Saved entries
┌──

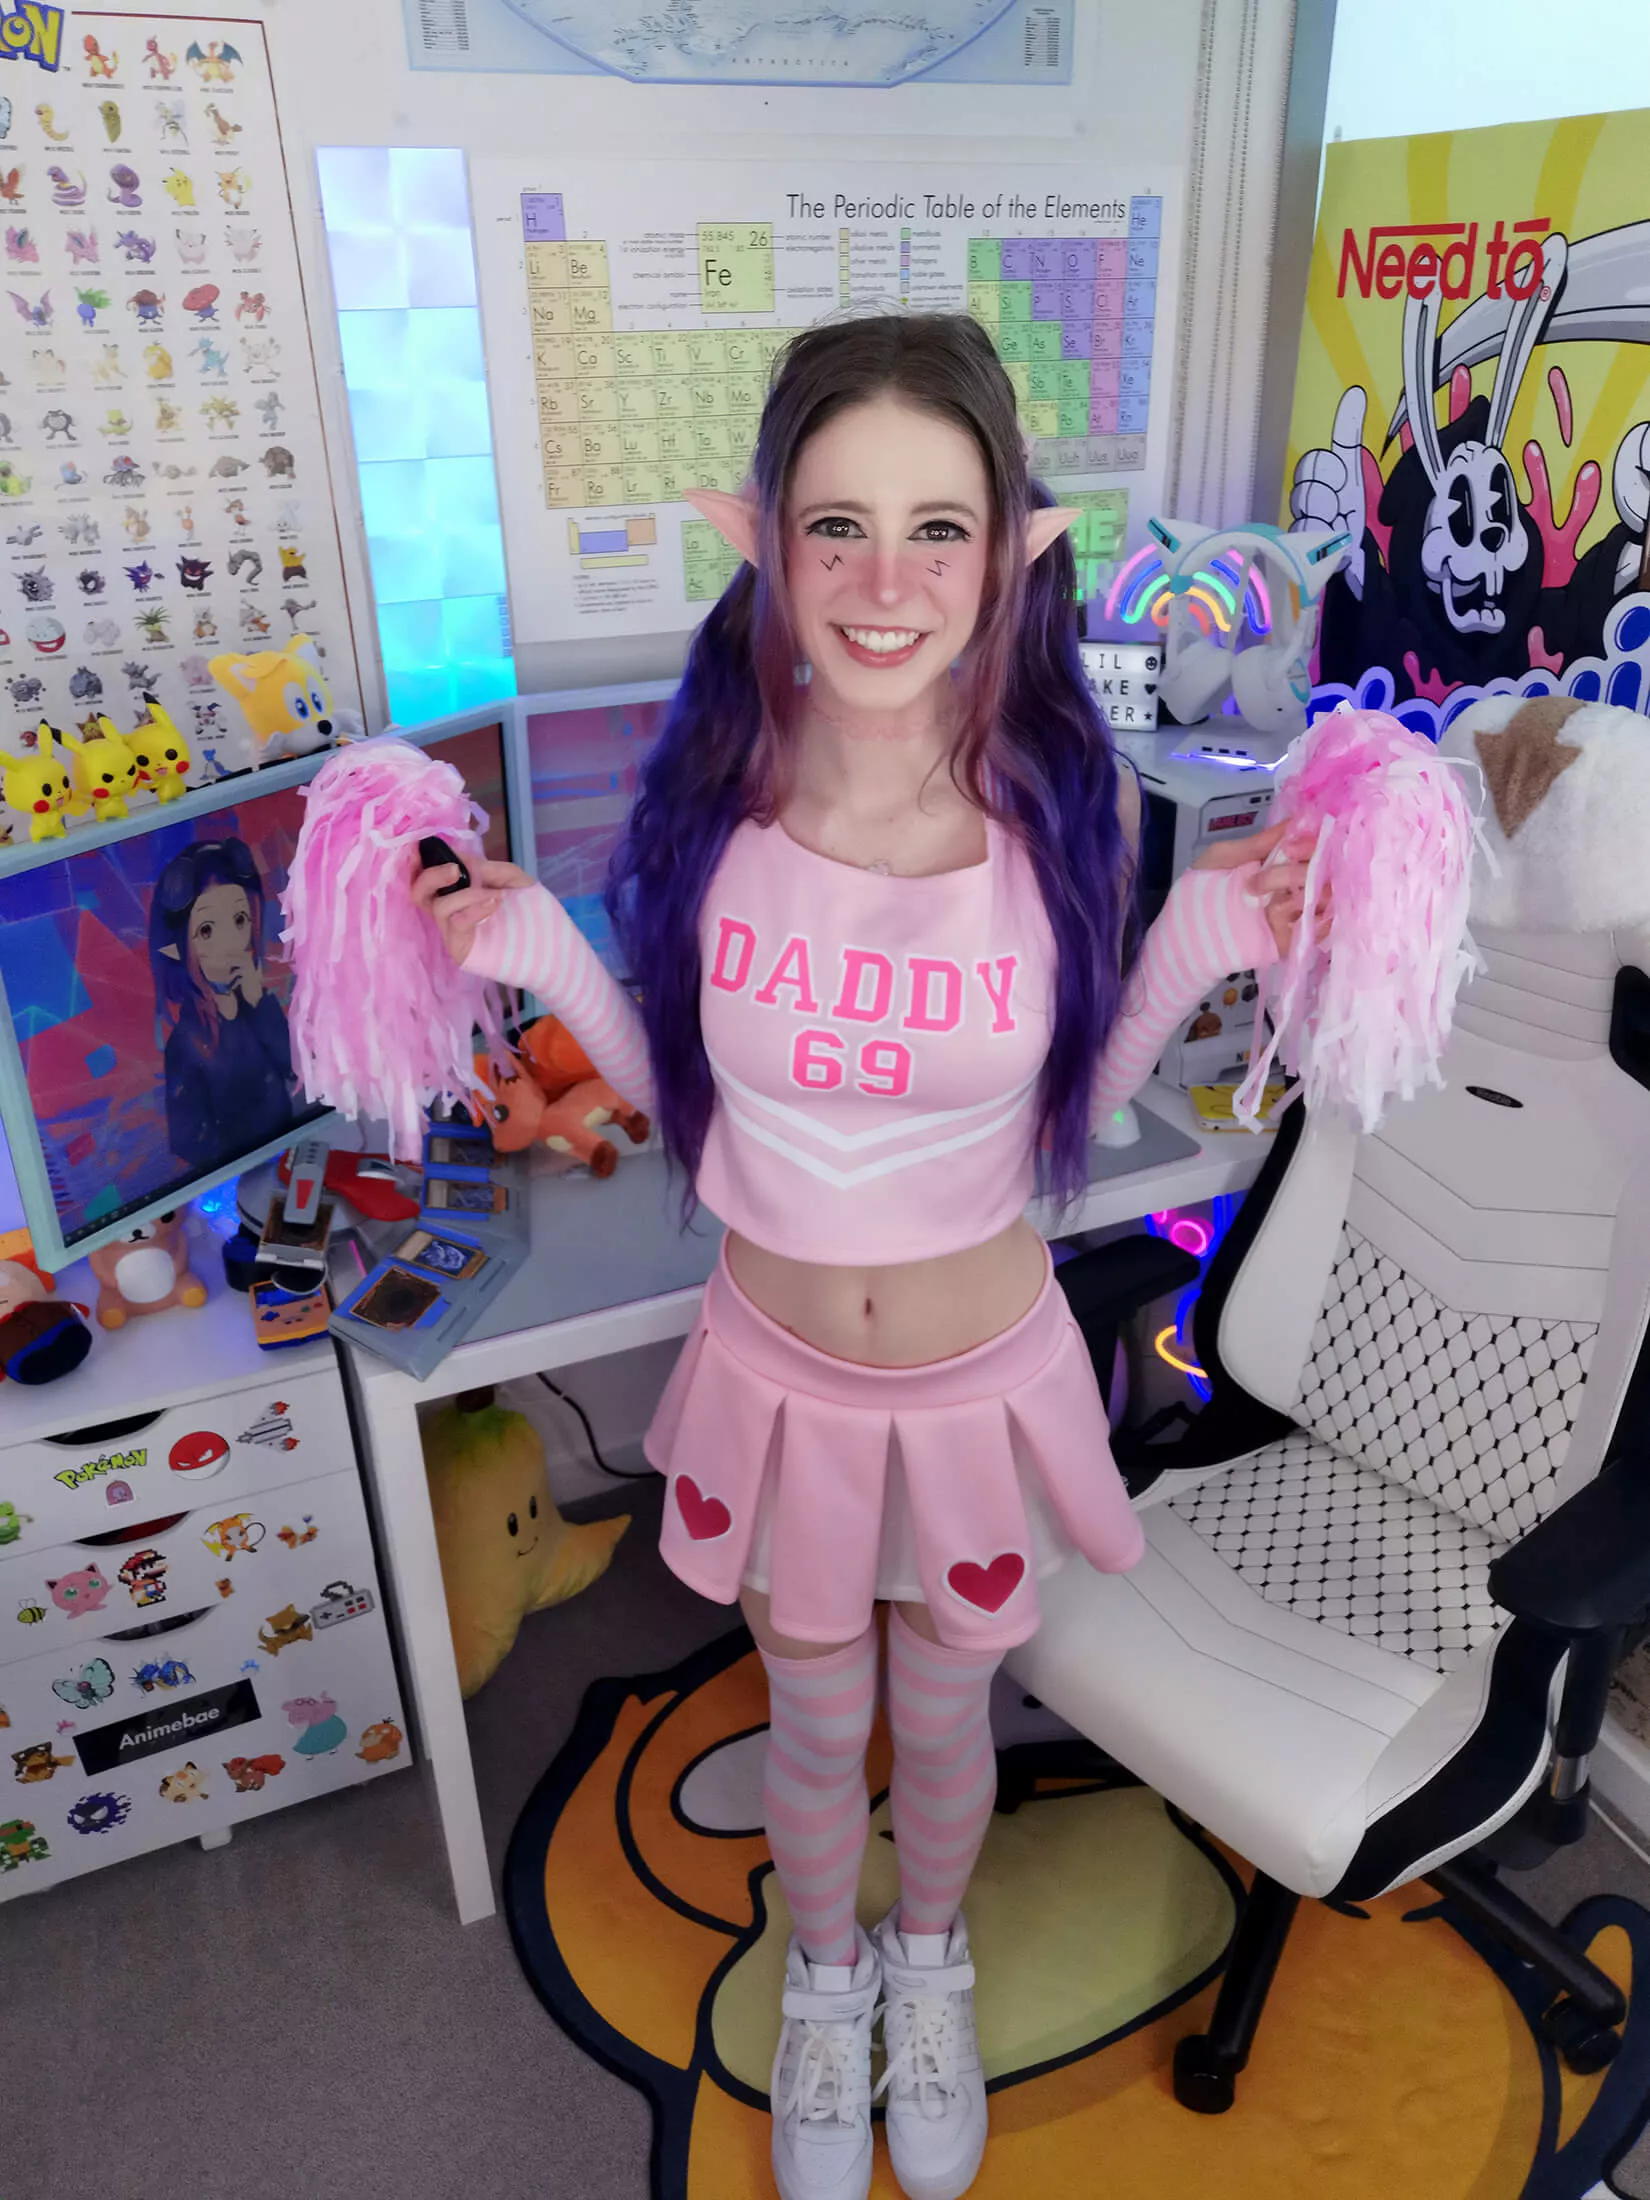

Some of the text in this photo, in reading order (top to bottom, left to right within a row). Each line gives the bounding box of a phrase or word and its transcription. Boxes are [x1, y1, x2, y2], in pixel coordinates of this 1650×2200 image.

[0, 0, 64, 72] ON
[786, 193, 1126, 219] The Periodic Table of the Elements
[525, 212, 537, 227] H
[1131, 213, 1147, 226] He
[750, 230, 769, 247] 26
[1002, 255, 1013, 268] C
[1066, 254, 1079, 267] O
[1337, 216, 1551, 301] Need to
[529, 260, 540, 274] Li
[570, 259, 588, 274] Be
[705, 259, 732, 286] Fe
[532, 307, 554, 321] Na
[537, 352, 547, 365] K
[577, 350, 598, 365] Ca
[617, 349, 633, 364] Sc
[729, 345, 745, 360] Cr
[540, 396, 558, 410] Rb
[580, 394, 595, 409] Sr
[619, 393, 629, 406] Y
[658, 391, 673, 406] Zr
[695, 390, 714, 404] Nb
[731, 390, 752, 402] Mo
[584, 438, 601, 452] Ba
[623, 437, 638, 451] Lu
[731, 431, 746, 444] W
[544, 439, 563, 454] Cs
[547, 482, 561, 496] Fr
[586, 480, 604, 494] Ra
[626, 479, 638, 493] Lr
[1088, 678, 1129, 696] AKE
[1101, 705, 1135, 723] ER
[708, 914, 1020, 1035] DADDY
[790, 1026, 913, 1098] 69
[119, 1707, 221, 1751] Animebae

└──

_Task details_: Without the pictures, give every line above again exactly.

_Solution to this task_:
Some of the text in this photo, in reading order (top to bottom, left to right within a row). Each line gives the bounding box of a phrase or word and its transcription. Boxes are [x1, y1, x2, y2], in pixel coordinates of this 1650×2200 image.

[0, 0, 64, 72] ON
[786, 193, 1126, 219] The Periodic Table of the Elements
[525, 212, 537, 227] H
[1131, 213, 1147, 226] He
[750, 230, 769, 247] 26
[1002, 255, 1013, 268] C
[1066, 254, 1079, 267] O
[1337, 216, 1551, 301] Need to
[529, 260, 540, 274] Li
[570, 259, 588, 274] Be
[705, 259, 732, 286] Fe
[532, 307, 554, 321] Na
[537, 352, 547, 365] K
[577, 350, 598, 365] Ca
[617, 349, 633, 364] Sc
[729, 345, 745, 360] Cr
[540, 396, 558, 410] Rb
[580, 394, 595, 409] Sr
[619, 393, 629, 406] Y
[658, 391, 673, 406] Zr
[695, 390, 714, 404] Nb
[731, 390, 752, 402] Mo
[584, 438, 601, 452] Ba
[623, 437, 638, 451] Lu
[731, 431, 746, 444] W
[544, 439, 563, 454] Cs
[547, 482, 561, 496] Fr
[586, 480, 604, 494] Ra
[626, 479, 638, 493] Lr
[1088, 678, 1129, 696] AKE
[1101, 705, 1135, 723] ER
[708, 914, 1020, 1035] DADDY
[790, 1026, 913, 1098] 69
[119, 1707, 221, 1751] Animebae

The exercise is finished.